Treatment of Relapse/ Refractory Disease

Approximately 10–20% of patients with advanced stage Hodgkins lymphoma relapse after front-line treatment. Most relapses in patients with Hodgkins lymphoma occur within the first three years. Response to salvage therapy is directly related to duration of initial response. Progression during induction therapy or within 12 mo of completion of treatment has a dismal prognosis with 5-y disease-free survival rates of 0% and 20% respectively. Relapses occurring 12 mo or greater have better outcomes with salvage chemotherapy followed by autologous stem cell transplant. Because of the small number of patients that fail primary therapy, no uniform second-line treatment strategy exists for this patient population. Patients with late relapse and good response to initial two cycles of chemotherapy can be salvaged in 40–50% of cases with high dose chemotherapy and autologous stem cell transplant (SCT) [31, 32]. Various relapse regimens have been used, the most popular among them being ifosfamide, carboplatin, etoposide (ICE) [33]. The commonly used conditioning regimen for autologous SCT is BEAM (BCNU, etoposide, cytosine arabinoside, and melphalan) [33]. Allogenic SCT represents an option in a small subset of highest risk patients in whom there are probably no other realistic options for cure at present. However, treatment related toxicity and relapse rates are very high.

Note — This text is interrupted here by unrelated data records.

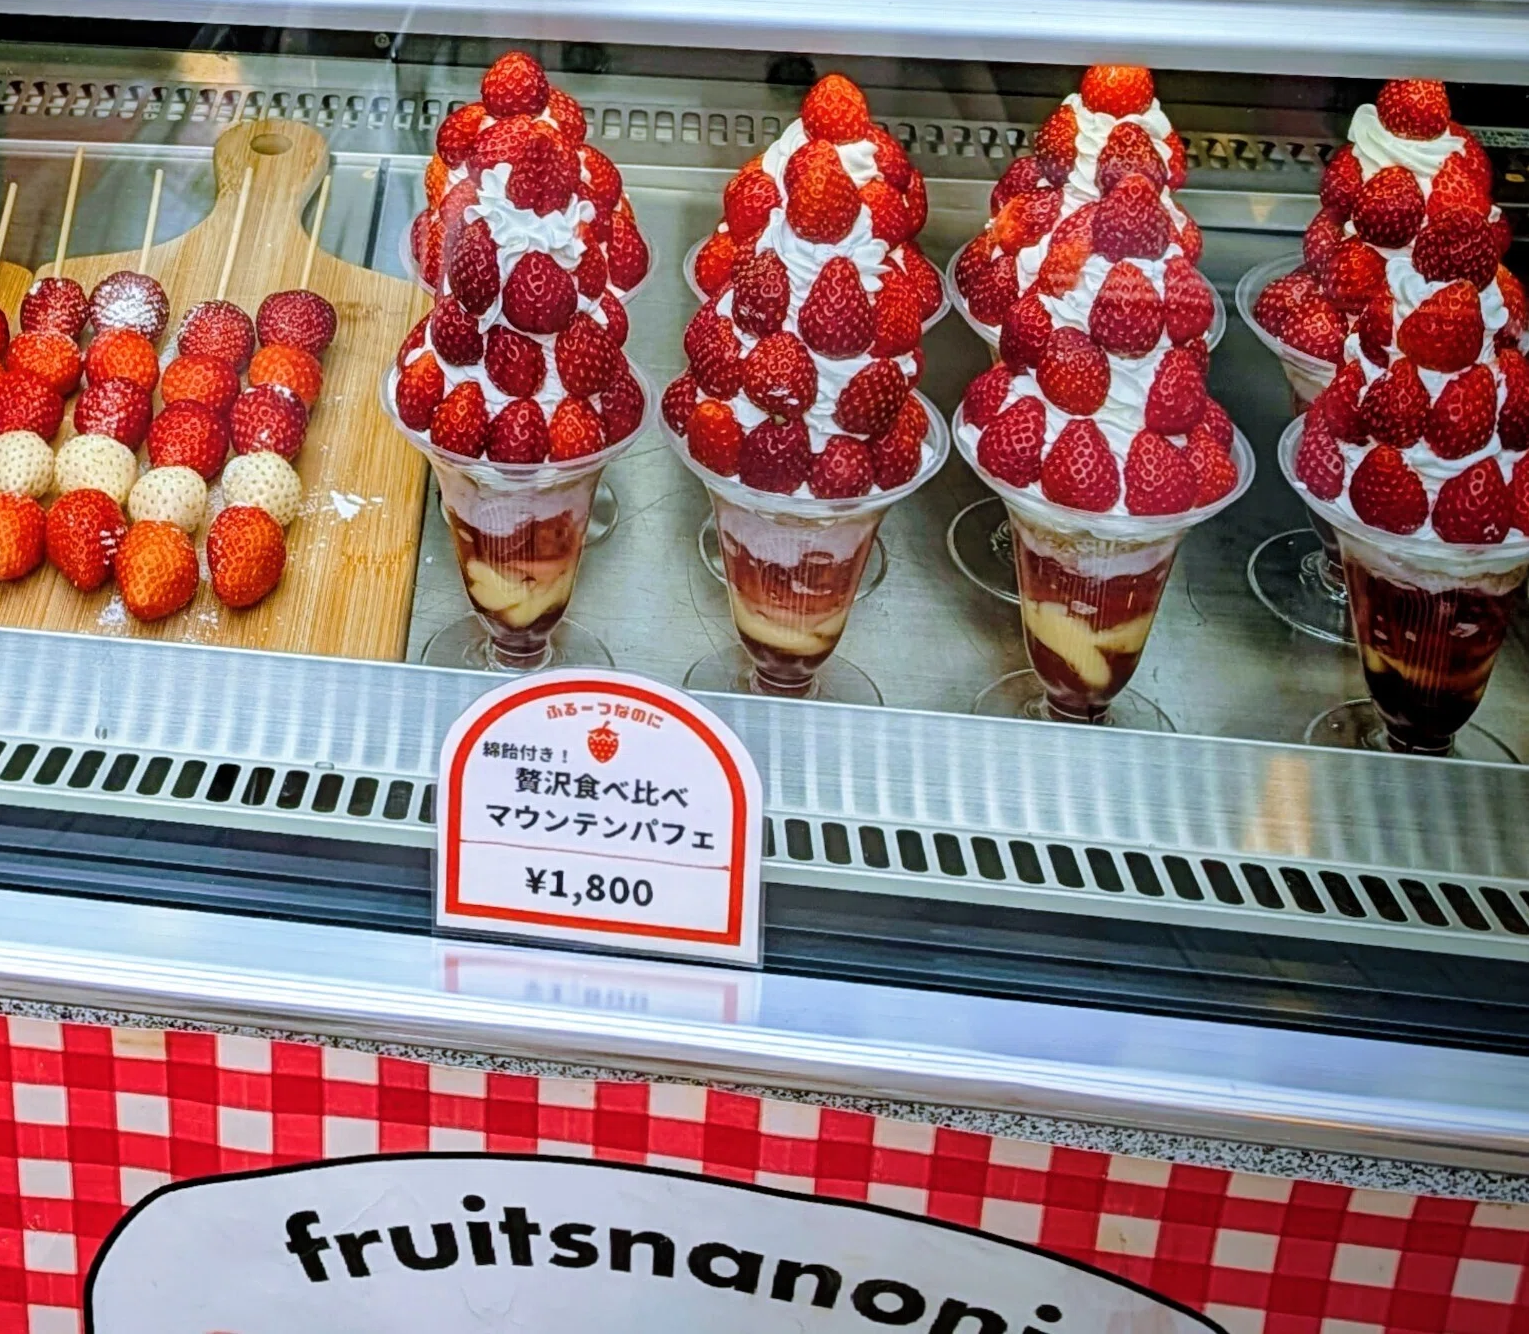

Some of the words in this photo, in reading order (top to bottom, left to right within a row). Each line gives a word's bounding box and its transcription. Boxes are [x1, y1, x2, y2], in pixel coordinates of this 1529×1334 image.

[546, 702, 665, 729] ふるーつなのに
[515, 767, 689, 808] 贅沢食べ比べ
[485, 803, 716, 851] マウンテンパフェ
[525, 867, 654, 907] ¥1,800
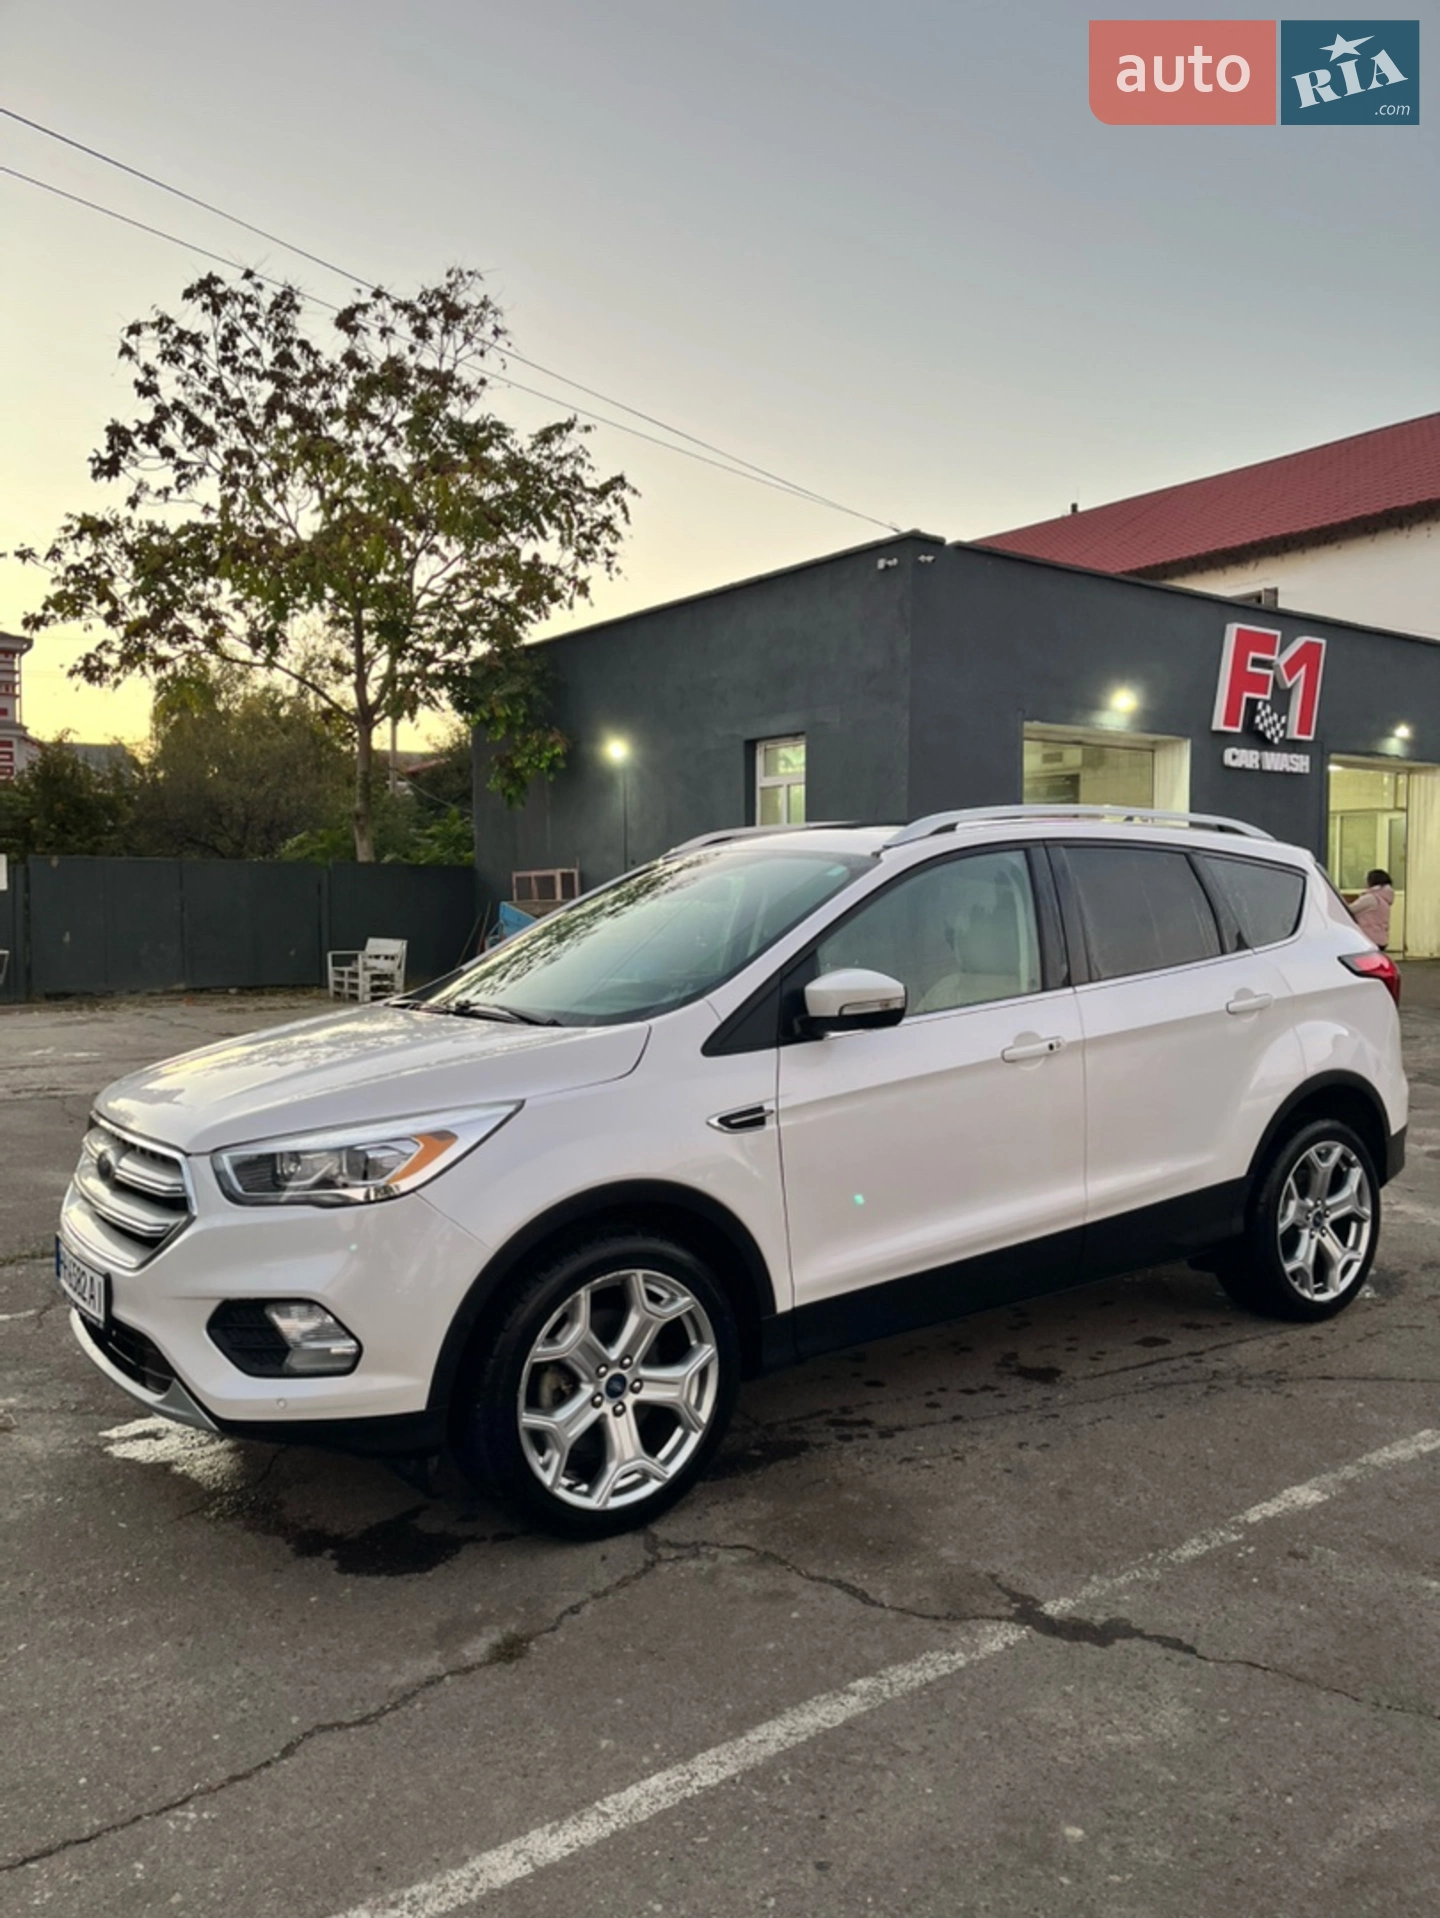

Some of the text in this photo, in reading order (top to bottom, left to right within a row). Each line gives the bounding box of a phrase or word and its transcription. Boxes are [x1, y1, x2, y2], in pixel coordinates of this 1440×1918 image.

[1211, 622, 1326, 741] F1
[1223, 747, 1311, 774] CAR WASH

Follow-Up of Treated Patients and Late Effects

Patients need clinical evaluation by the physician once in every 3 mo for the first 2 y after completing treatment and then once in every 6 mo till 5 y after completing treatment and following which they can be reviewed annually. No imaging studies or blood investigations to detect relapse are routinely recommended during follow-up if the patient is asymptomatic and clinical examination is normal [34].

Pediatric Hodgkins lymphoma patients are at risk of second malignancies, cardiovascular and pulmonary diseases and infertility secondary to the effects of chemotherapy and/or radiotherapy received by them. Female patients who have received mediastinal radiation should be screened for breast cancer as per guidelines when they become adults. Patients who receive radiation to the neck should be closely followed up for thyroid dysfunction. Patients should be encouraged to lead healthy life style with avoidance of alcohol and tobacco, control of blood pressure and diabetes and regular exercise to reduce pulmonary and cardiovascular morbidities [34].